[Saved entries]
:::::

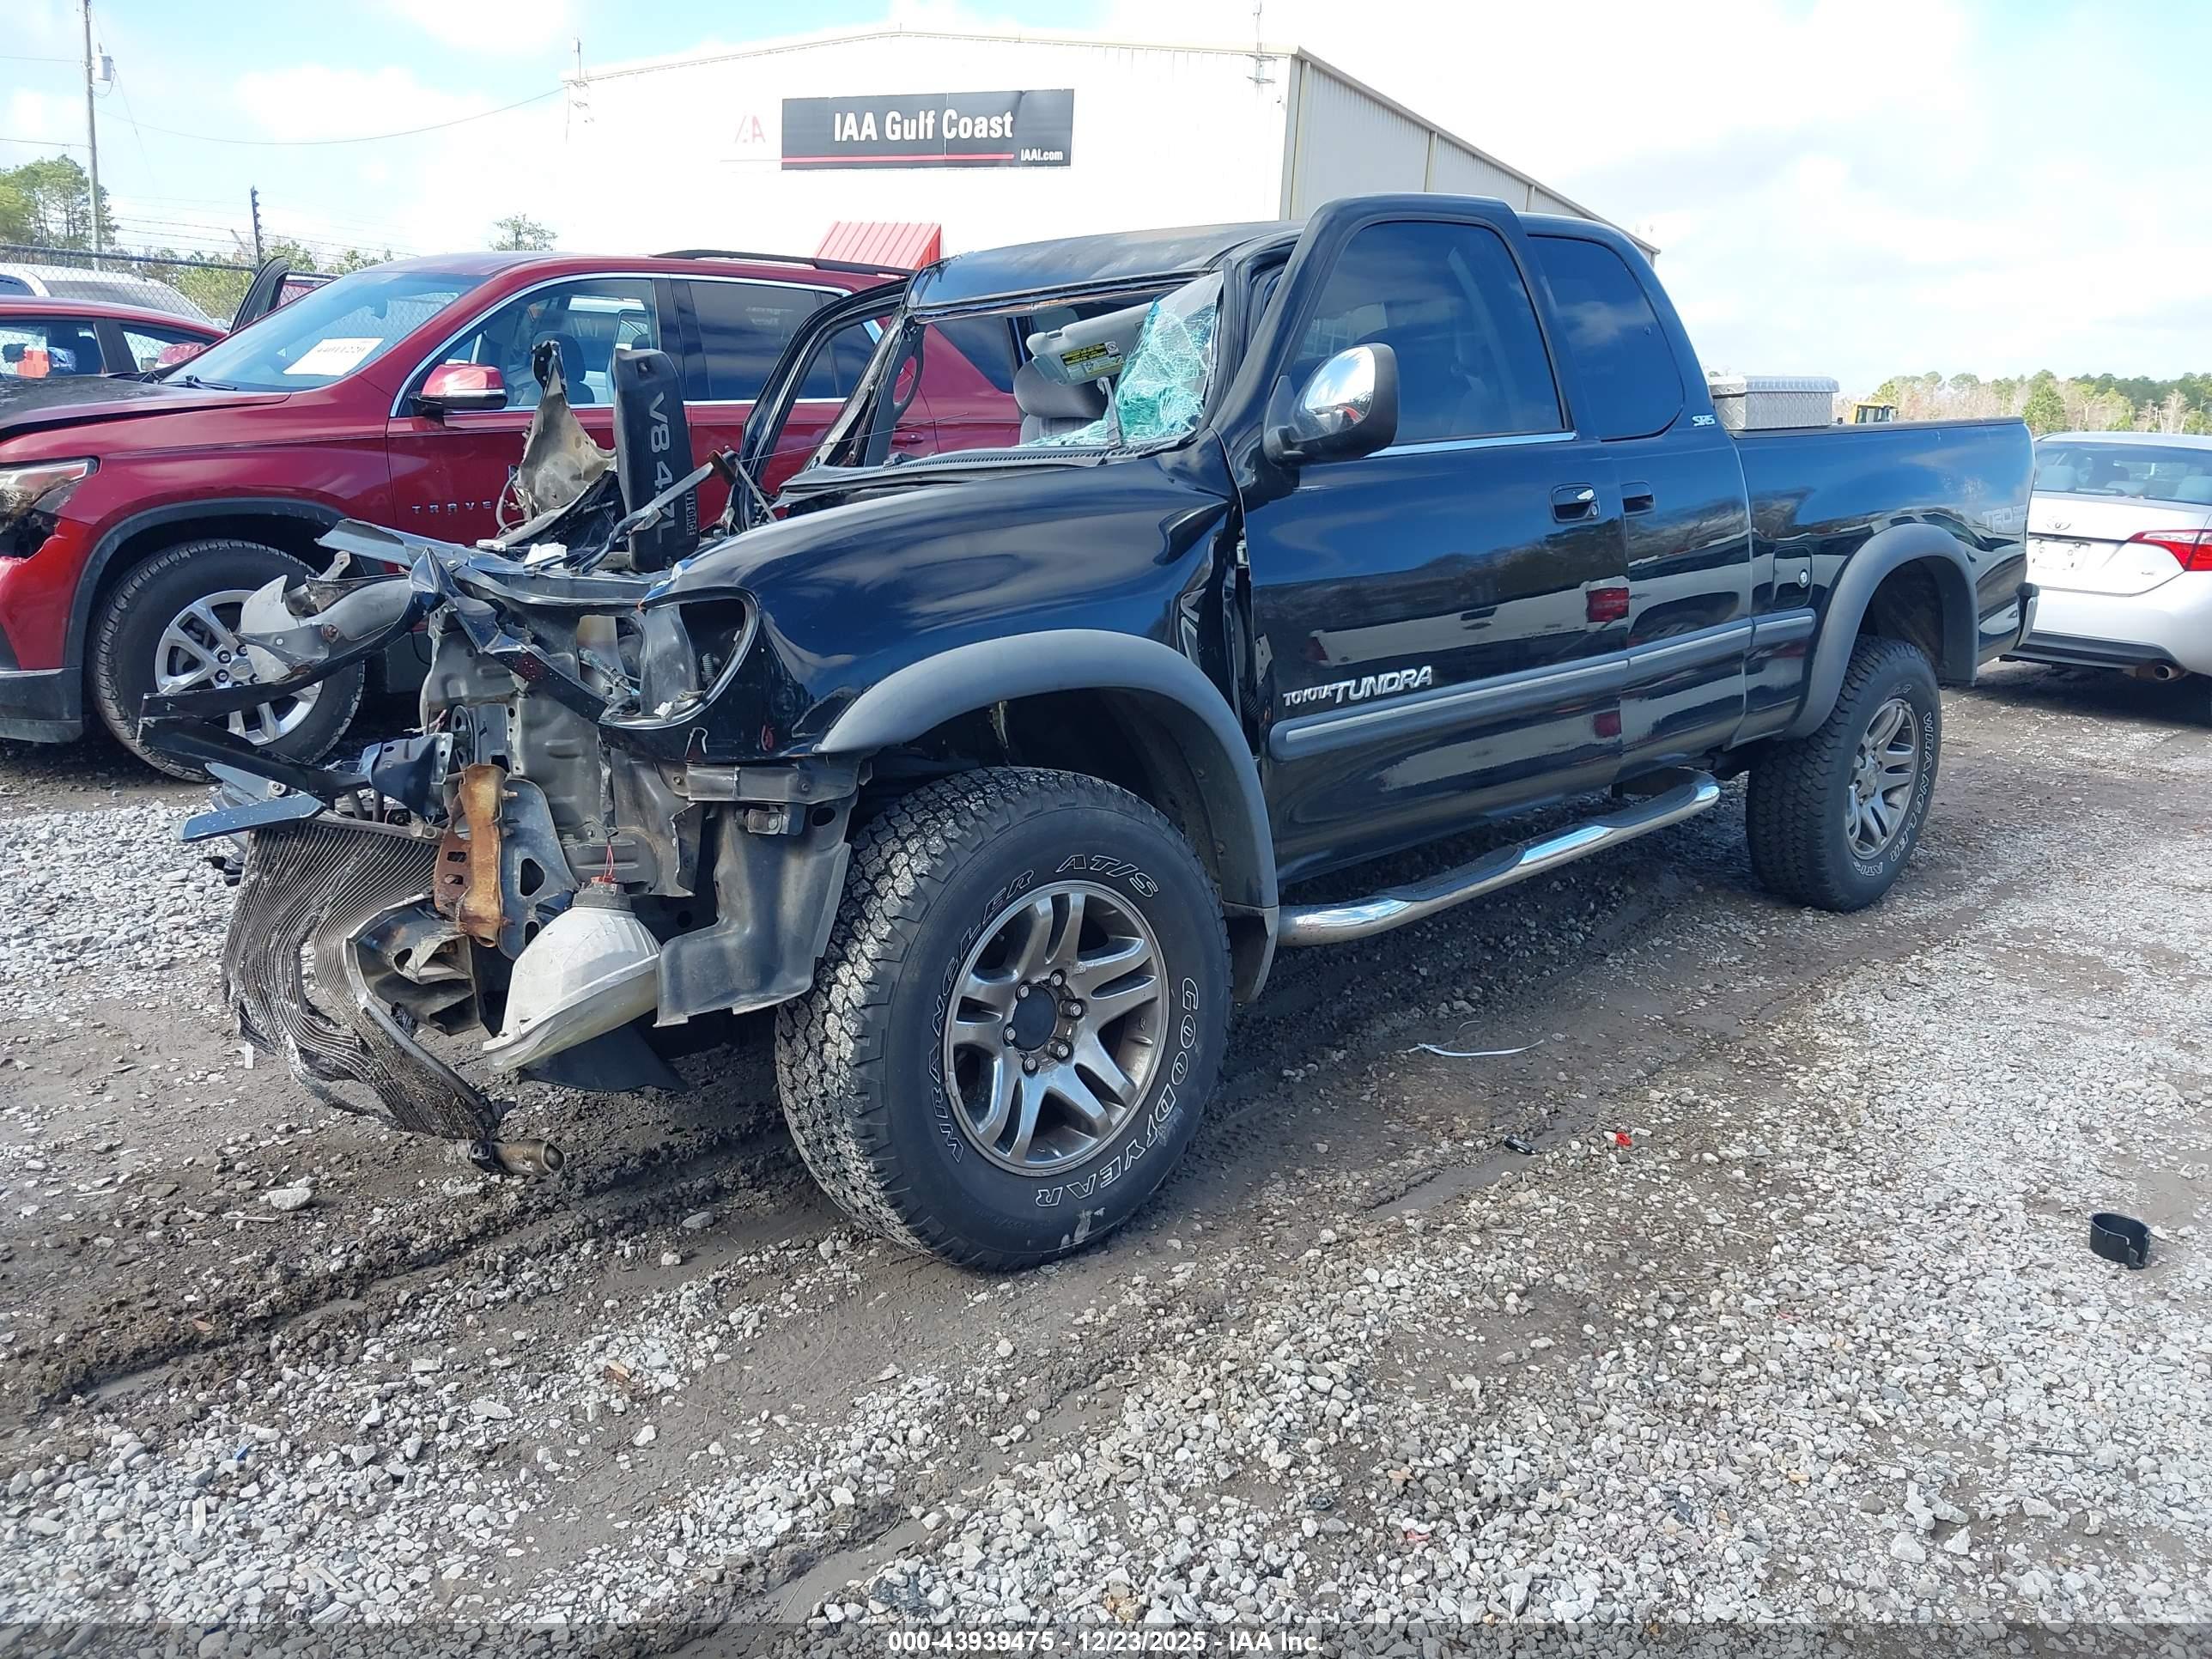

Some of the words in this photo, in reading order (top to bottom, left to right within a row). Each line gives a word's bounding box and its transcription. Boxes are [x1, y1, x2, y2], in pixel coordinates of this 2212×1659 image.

[834, 112, 878, 142] IAA
[885, 110, 935, 140] Gulf
[943, 109, 1012, 139] Coast
[649, 391, 670, 453] V8
[412, 501, 507, 515] TRAVE
[1283, 685, 1333, 707] TOYOTA
[1332, 665, 1432, 704] TUNDRA
[929, 870, 1035, 1163] WRANGLER
[1035, 977, 1200, 1207] GOODYEAR
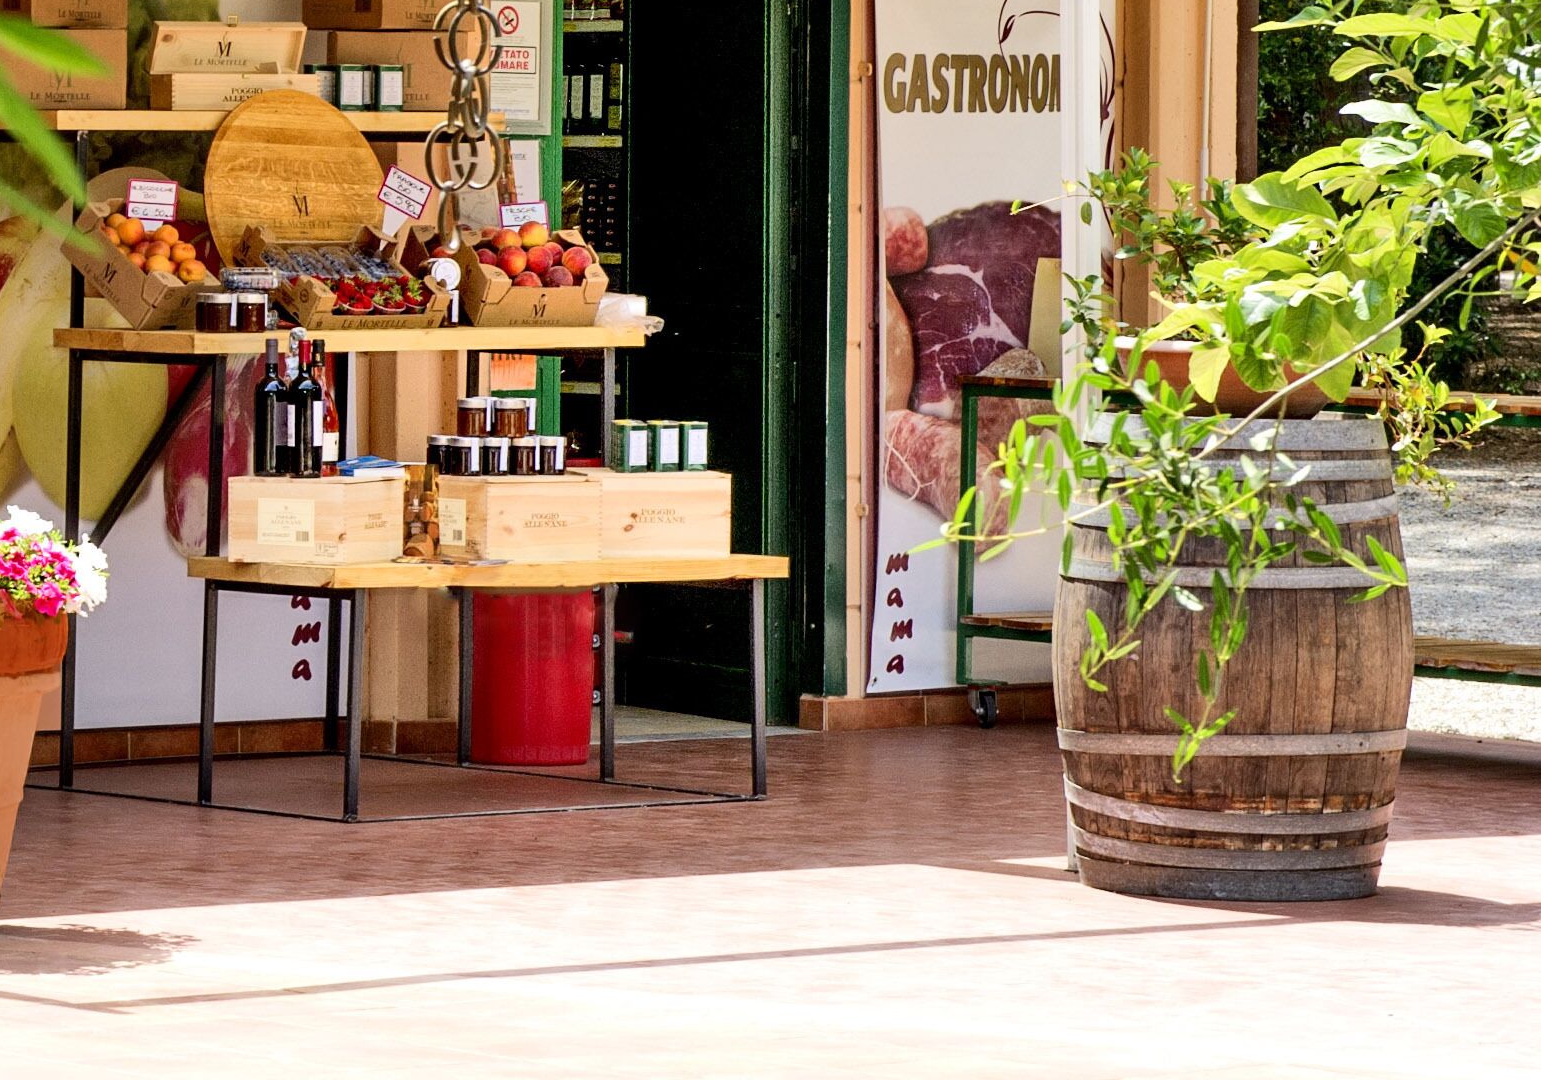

:::::

# Work order
Output the records exactly, pictures excluded.

# Solved problem
Some of the words in this photo, in reading order (top to bottom, left to right within a row). Each line gives a word's bounding box and its transcription. Boxes are [x1, y1, x2, y2], in pixel coordinates of this 2212×1659 image.

[834, 112, 878, 142] IAA
[885, 110, 935, 140] Gulf
[943, 109, 1012, 139] Coast
[649, 391, 670, 453] V8
[412, 501, 507, 515] TRAVE
[1283, 685, 1333, 707] TOYOTA
[1332, 665, 1432, 704] TUNDRA
[929, 870, 1035, 1163] WRANGLER
[1035, 977, 1200, 1207] GOODYEAR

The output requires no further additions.